After the video was shared on Instagram, a spokesperson for the Ile-Alatau National Park thanked Anuar for drawing attention to the problem.
The national park also vowed to do more to deal with the issue of litter and thanked visitors for their support.
Wildlife is most commonly seen eating trash that builds up in or around oceans and waterways. A 2016 study by the American Association for the Advancement of Science showed that seabirds eat plastic because it smells like their food.
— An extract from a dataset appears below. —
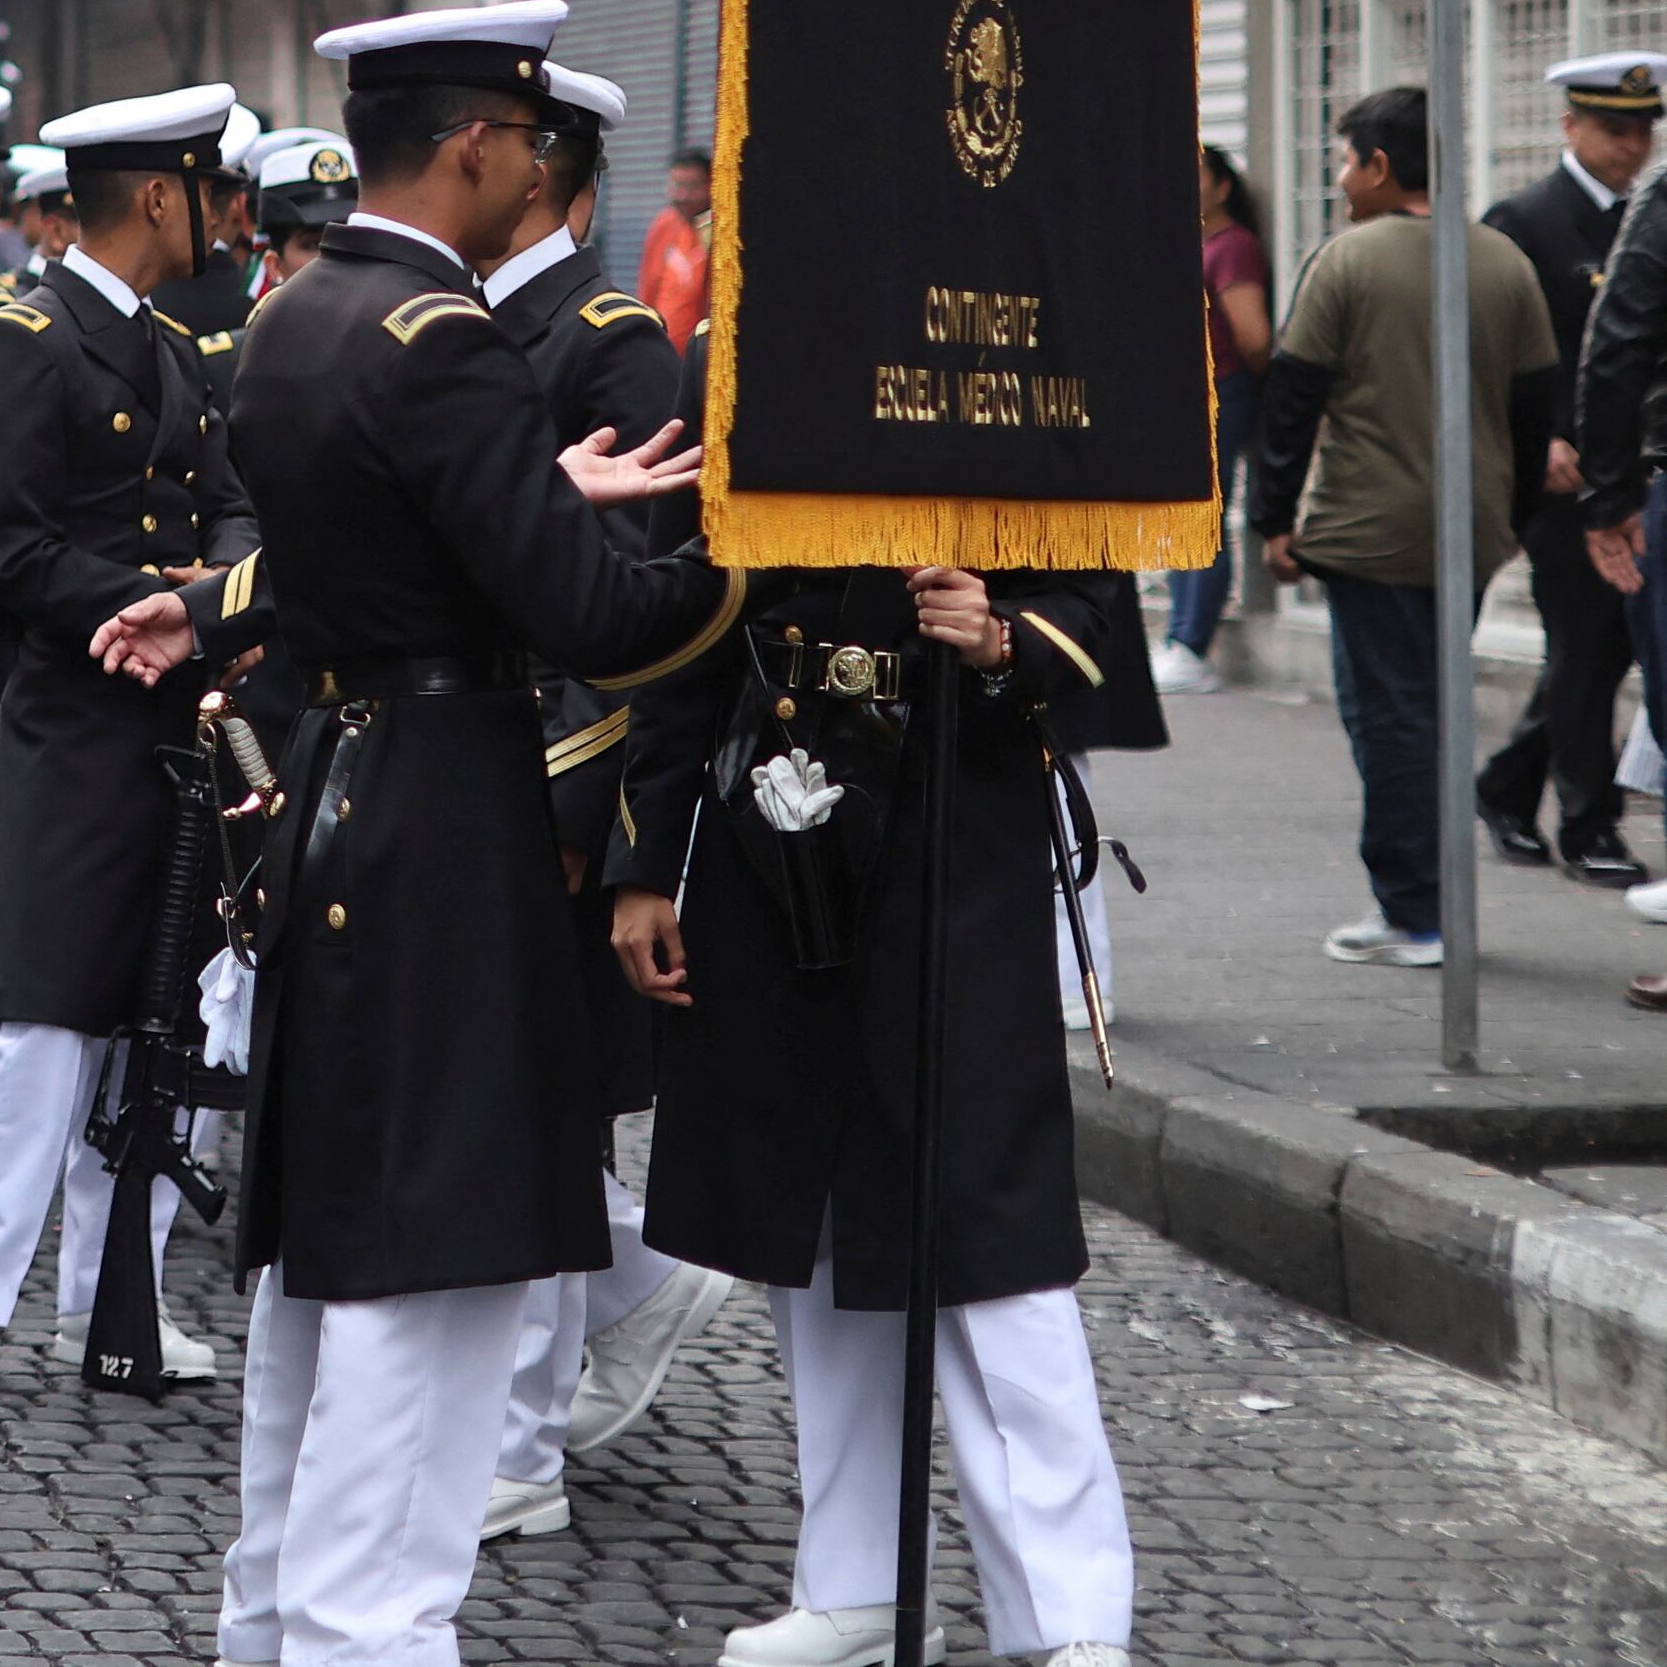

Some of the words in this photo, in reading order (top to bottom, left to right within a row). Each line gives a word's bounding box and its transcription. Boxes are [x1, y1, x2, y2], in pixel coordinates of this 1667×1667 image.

Algae are consumed by krill, a small crustacean that is the primary food source for many seabirds. As algae breaks down naturally in the ocean, they emit a stinky sulfur odor known as dimethyl sulfide (DMS). Seabirds on the hunt for krill have learned that the sulfur odor will lead them to their feeding grounds.
It turns out that floating plastic debris provides a perfect platform on which algae can thrive. As the algae breaks down, emitting the DMS odor, seabirds, following their noses in search of krill, are led into an “olfactory trap,” according to a recent study published November 9 in Science Advances. Instead of feeding on krill, they feed on plastic.